Founded in 1938, the Florida Public Relations Association (FPRA) is the oldest public relations association in the United States. The statewide organization is composed of nearly 1,200 public relations professionals dedicated to:

- Enhancing the professional development of its members,
- Providing a forum for personal growth through interaction and resource exchange,
- Serving as the "united voice" of the public relations profession in Florida,
- Fostering the highest professional standards and ethics of its members, and
- Gaining understanding and support for the performance of its members and the profession as a whole on behalf of all practitioners within the state of Florida.

== Professional Chapters ==
With a network of 15 professional chapters and 13 student chapters located throughout the state of Florida, FPRA offers its members many opportunities for professional development and networking.

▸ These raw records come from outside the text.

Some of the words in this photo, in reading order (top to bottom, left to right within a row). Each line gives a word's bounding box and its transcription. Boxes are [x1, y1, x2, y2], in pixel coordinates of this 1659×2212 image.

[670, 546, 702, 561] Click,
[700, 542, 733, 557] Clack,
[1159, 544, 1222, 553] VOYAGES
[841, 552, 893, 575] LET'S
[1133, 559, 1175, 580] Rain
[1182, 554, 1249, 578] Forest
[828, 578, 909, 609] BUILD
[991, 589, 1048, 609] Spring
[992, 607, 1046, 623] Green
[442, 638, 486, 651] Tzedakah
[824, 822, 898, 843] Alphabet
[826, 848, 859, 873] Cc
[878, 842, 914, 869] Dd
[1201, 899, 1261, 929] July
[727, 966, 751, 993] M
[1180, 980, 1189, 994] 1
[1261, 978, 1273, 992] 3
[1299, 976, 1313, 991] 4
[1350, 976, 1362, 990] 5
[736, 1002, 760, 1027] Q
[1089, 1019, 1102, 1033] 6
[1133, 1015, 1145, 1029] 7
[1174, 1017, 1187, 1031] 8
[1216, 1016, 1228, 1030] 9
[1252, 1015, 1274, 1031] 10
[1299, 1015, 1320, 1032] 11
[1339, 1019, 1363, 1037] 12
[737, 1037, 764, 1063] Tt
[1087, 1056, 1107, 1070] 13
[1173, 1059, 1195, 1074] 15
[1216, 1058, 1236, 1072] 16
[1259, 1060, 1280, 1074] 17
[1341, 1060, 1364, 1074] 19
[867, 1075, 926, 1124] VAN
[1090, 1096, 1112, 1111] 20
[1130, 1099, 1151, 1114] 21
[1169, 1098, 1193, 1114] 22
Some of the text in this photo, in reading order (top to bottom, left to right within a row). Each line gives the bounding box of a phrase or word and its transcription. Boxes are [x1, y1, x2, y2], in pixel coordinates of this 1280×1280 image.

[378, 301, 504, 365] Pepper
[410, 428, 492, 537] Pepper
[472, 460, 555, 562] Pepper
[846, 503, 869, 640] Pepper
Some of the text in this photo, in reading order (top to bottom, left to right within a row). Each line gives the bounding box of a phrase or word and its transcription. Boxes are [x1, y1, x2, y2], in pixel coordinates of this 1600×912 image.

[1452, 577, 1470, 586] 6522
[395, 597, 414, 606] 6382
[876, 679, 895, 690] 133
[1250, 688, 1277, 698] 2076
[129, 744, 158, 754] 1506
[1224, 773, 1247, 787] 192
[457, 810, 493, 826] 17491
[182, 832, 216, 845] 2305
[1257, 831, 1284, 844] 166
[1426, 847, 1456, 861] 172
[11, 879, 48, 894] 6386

Chapters meet regularly to hear speakers, discuss career experiences and conduct general business.
- Capital Chapter
- Central West Coast Chapter
- Dick Pope/Polk County Chapter
- Gainesville Chapter
- Jacksonville Chapter
- Lake County Chapter
- Northwest Florida Coast Chapter
- Ocala Chapter
- Orlando Area Chapter
- Pensacola Chapter
- Space Coast Chapter
- South Florida Chapter
- Southwest Florida Chapter
- Space Coast Chapter
- Tampa Bay Chapter
- Treasure Coast Chapter
- Volusia/Flagler Chapter

== Student Chapters ==
- Barry University
- Chomp Chapter at University of Florida
- FGCU Student Chapter at Florida Gulf Coast University
- First Coast Student Chapter at Jacksonville University
- Pensacola Student Chapter at University of West Florida
- PRoMotion Student Chapter at Florida Southern College
- Quotes Student Chapter at University of Central Florida
- Student Chapter at Southeastern University
- Student Chapter at University of Tampa
- Tallahassee Student Chapter at Florida State University and Florida A&M University
- Vision Student Chapter at Bethune-Cookman College

== History ==

FPRA was founded in 1938 when Chamber of Commerce executives cut the subject out of their program at a statewide meeting in Jacksonville. John W. Dillin, publicity director of the Miami Beach Chamber of Commerce, had made the trip to Jacksonville especially to participate in the program. On his return to South Florida, he stopped at Silver Springs to talk with Wilton Martin. They discussed forming an organization dealing with publicity and public relations. The owners of the attraction agreed to host those who would be interested. Invitations were extended to six others. Two meetings were held before calling an all-Florida meeting in Tampa where 45 attended. The group voted to form the Florida Association of Publicity Directors and elected Dillin to serve as president.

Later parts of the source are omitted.